CA At-Home Rapid Testing for Schools Helped Reduce the Spread

California’s At-Home Rapid Testing for Schools Helped Reduce the Spread of Omicron

  • February 8, 2022

  • Primary.Health Editorial Team

  • 4 minutes

Teacher in the classroom with her students

How California Protected Students and What We Learned From the Effort

If you’re a parent or have parents in your circle, you know how important keeping kids in school and ensuring their safety has been to millions of Americans. One of Primary.Health’s most important customers is the California Department of Public Health (CDPH), and we think they deserve tremendous credit for the work they’ve done to keep California students in school and ensure their safety.

CDPH and Primary.Health worked together in December 2021 and early in the new year on a back-to-school COVID-19 rapid testing campaign, to help ensure a safer return to in-person learning for students and staff after the holidays. This huge effort paid off not only in keeping kids safer, but also in providing learnings for other public entities, large employers, and the healthcare industry.

Distribution: How do test kits get to schools and then into the hands of parents?

boy getting covid test

Months before the holiday break, CDPH had the foresight to procure millions of at-home rapid test kits that they distributed, at no cost, to school districts across the state. Some schools were provided with instructions to send the tests home with students and staff on the last day of school before the holiday break.

Testing: How should parents be supported in following testing protocols?

Parents, guardians and school staff were provided instructions on how to administer at-home rapid tests on two different days: three days before and the last day before returning to school. They were also provided a video: “How to use the iHealth COVID-19 Antigen Rapid Test.”

After the tests were administered, many participants followed simple instructions that included a link provided by their school to log their test results using Primary’s secure platform. By logging test results that were then centralized and analyzed by school administrators and CDPH officials, districts and the entire state had a clear, real-time understanding of the COVID status of school children in California, and could make critical decisions that ensured the safety of each child.

Reporting and Support: How could communication and individual support happen on a massive scale?

One of the biggest challenges facing any large organization is registering participants, collecting consent and required data, and pushing out appropriate communications based on test results. CDPH’s testing program for schools utilized Primary’s electronic registration portal, which lets participants electronically consent, send communications at the right time, and report results.

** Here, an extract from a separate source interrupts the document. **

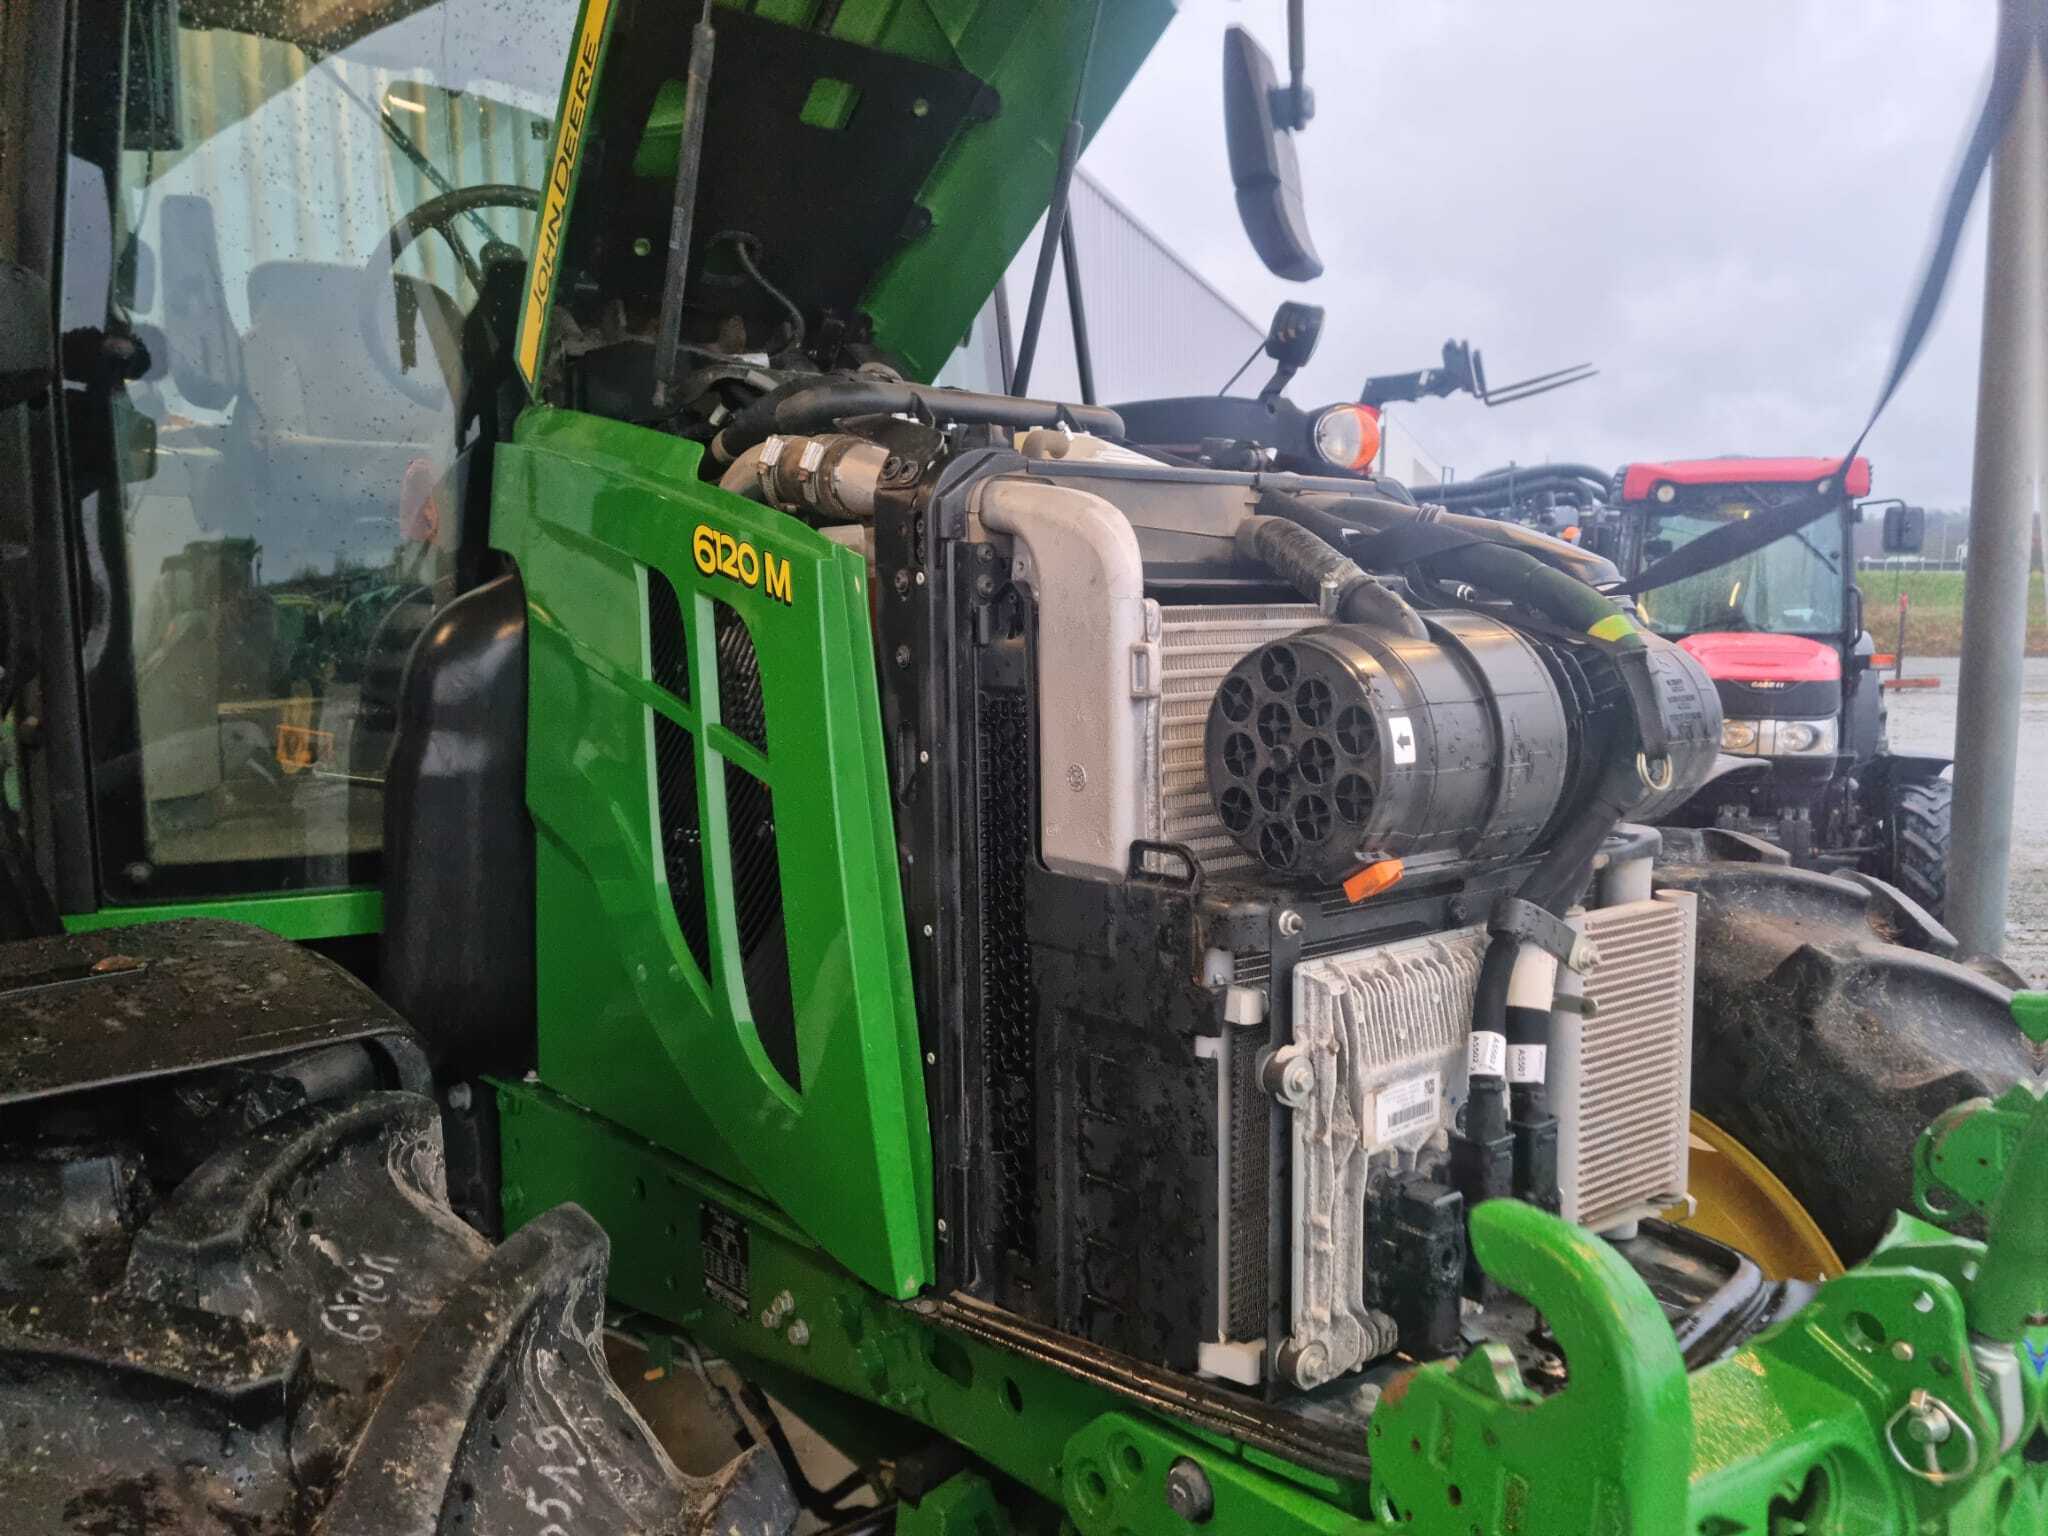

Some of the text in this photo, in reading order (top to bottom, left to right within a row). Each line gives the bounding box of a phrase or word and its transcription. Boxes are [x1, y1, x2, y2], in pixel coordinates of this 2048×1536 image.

Registration is done through a simple user interface, and uploading test results is easy and secure. The Primary platform then provides customized automated messaging via SMS or email to communicate with participants, and a dedicated team of live customer support managers are available to provide support in real-time.

Testing data: How can it be centralized and securely used for protecting public health?

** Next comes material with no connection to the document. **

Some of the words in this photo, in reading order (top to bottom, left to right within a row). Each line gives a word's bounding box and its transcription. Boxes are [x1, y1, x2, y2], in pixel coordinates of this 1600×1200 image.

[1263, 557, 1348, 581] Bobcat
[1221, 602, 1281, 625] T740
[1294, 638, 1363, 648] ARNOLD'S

CDPH used Primary’s secure platform to centralize diagnostic data from the at-home rapid testing provided to school districts, state, and local health departments. Between December 2021 and January 2022, millions of COVID-19 rapid antigen tests were distributed to the K-12 Schools at-home testing program. A subset of schools was asked to emphasize reporting; these populations demonstrated an average voluntary reporting compliance rate of 77.2%. Schools with much higher rates of up to 96% achieved those rates by strongly encouraging parents to self-report.

Overall, the self-reported positivity rate spiked from 3.2% in late December to 6.3% during the first week of January 2022. This data made it easier to track positive cases and allowed for faster interventions to reduce the spread of Omicron, the prevalent COVID-19 variant. We believe that with further program refinement and school support, voluntary reporting rates above 80% are possible and above 95% with mandated reporting.

What can other entities and employers learn from CDPH’s at-home rapid testing program for schools?

With a little foresight and teamwork, proactive testing on a massive scale is not only possible, but people are willing and able to step up to report their results for the good of public health. Every stakeholder in the protection of children and broader public health played their part: CDPH procured tests, schools provided test distribution, parents and staff members followed a plan, and Primary provided the technology platform that unified participants, officials, and providers. Working together, the right people got the right data, at the right time, to reduce the spread of COVID-19 on school campuses across the state.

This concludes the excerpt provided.